Over time she became more polite, smiled more and seemed generally happy around me. It was wonderful to see joy in her eyes again. I didn't know wether the social separation was what helped or perhaps she had moved on from me. Whatever it was, I was glad her demeanor had improved. It made it far easier to wait on her.
"It didn't have to be like this Brewster" Daisy said to me.
"I know that. I set myself up for this. There is nothing to blame anybody for and if there was, all of the fault would belong to me. I harbor no ill towards you Daisy...in fact my feelings haven't changed or lessened. But I've never regretted my decision to remain nothing but your friend. I hope that you believe me when I say that all I want is for you to be happy..."

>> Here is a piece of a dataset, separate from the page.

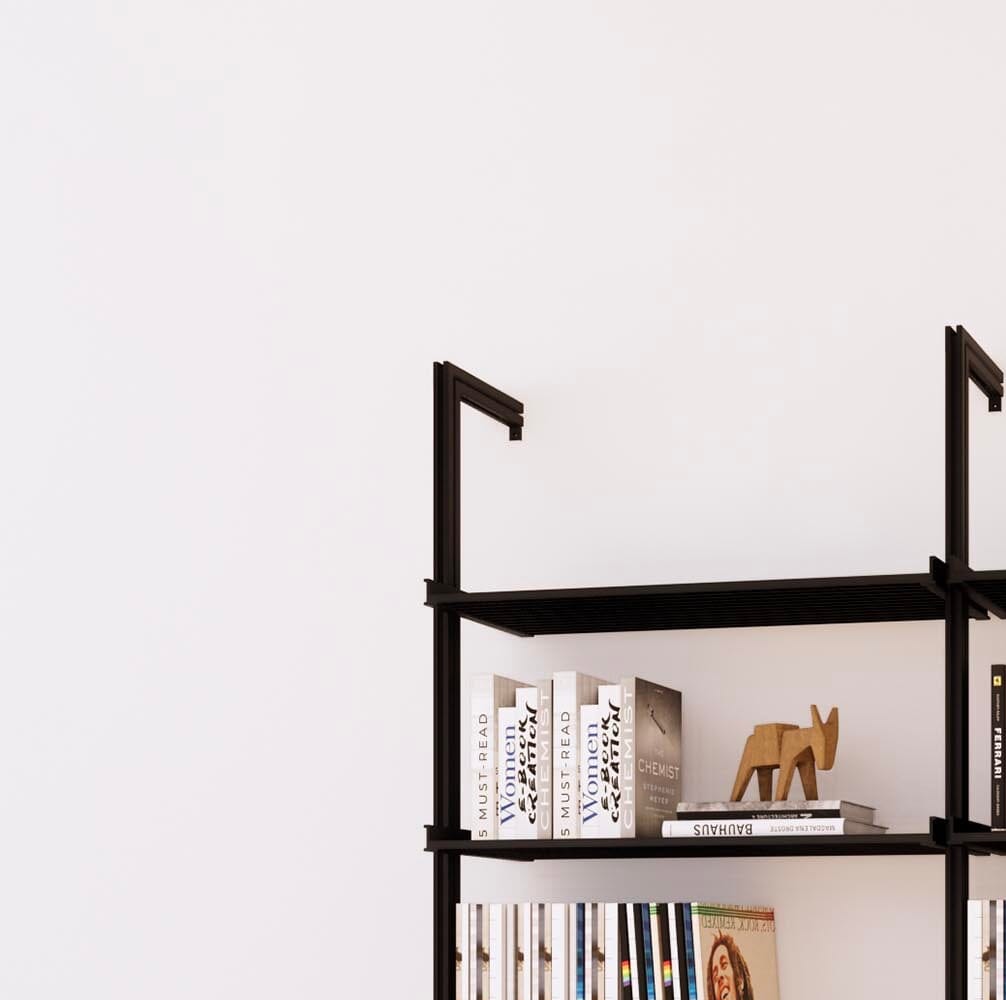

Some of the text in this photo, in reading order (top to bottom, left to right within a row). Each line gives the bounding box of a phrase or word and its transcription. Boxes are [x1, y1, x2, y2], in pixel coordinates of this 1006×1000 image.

"I know" she said very quietly, leaning across the bar towards me when heavy footsteps echoed through the establishment. She pulled away and got off the stool. Apollo appeared at the foot of the stairs.

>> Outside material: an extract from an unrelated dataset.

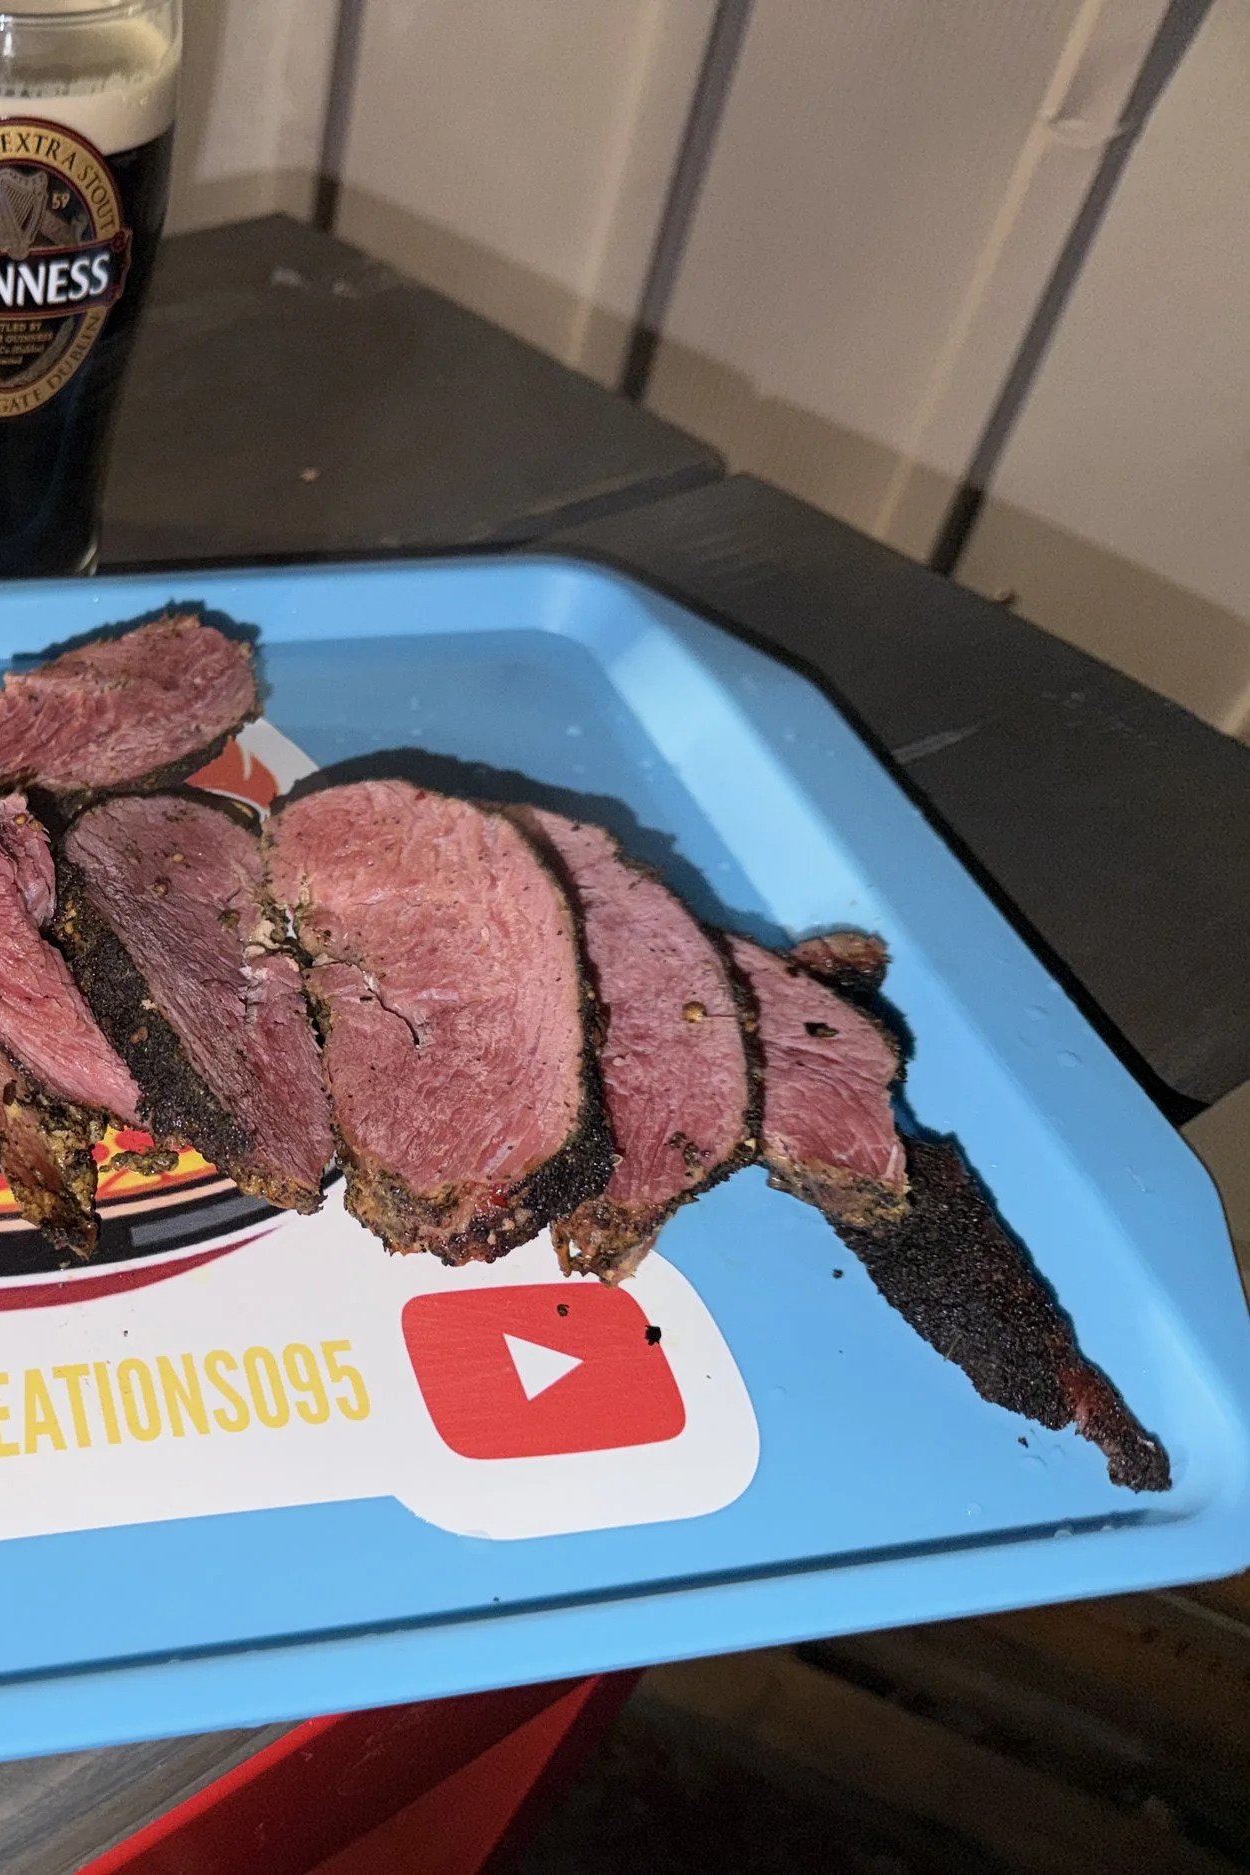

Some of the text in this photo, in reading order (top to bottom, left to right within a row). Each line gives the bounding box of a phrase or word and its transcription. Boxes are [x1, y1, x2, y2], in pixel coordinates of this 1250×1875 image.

[0, 132, 76, 171] EXTRA
[77, 164, 116, 233] STOUT
[52, 192, 71, 210] 59
[46, 314, 101, 391] DUBLIN

"Have you had your coffee already?" he asked her, joining her at the bar ordering one for himself. "The usual thanks."
"The fine espresso, in just a moment. I roasted the beans fresh." I began to make his order. Apollo came in every day too, but rarely at a constant time. Whenever he needed a jolt, he kept strange hours.
He had also been what was changing Daisy's demeanor. She met him shortly after moving to New Bark while pursuing me. Feeling vulnerable after I told her I could no be with her, she became close with Apollo. As time went on they entered a romantic relationship. As she fell deeper and deeper in love with Apollo seeing me became easier.
It didn't upset me, seeing them together. I could have had her, it was my own choice for now allowing her in. I never gave us that chance, and I stand by my decision.
"Sweety, we're going to miss the movie, we need to catch that bus..." Apollo began.
"I'm right behind you. I'll meet you at town hall" Daisy replied, sweetly kissing him. Satisfied, Apollo left. She turned towards me again. "We're engaged, Brewster" she said softly, a hint of sadness ringing in her voice.
I said nothing at first. "...Are you happy?" I inquired.
"Uh, ah, yes. I've..I'-I've never been happier" she stammered. She didn't expect such a calm answer from me.
"Then, congratulations" I said with a smile. As long as she was happy, I was happy.
She just looked at me, slightly stunned. "Well, I just thought you had the right to know. I better go, don't want to miss that movie." She moved towards the door. "Same time tomorrow?"
I nod. "Daisy..." I begin.
She immediately spins around. "Yes?"
"I miss you" I whisper towards her.
"Well then honey... I couldn't be happier" and she walked up the stair and out the door.
I smiled, I felt a great weight lifted off of my wings. I had finally done what I wanted to do for the past several years. I finally made Daisy happy.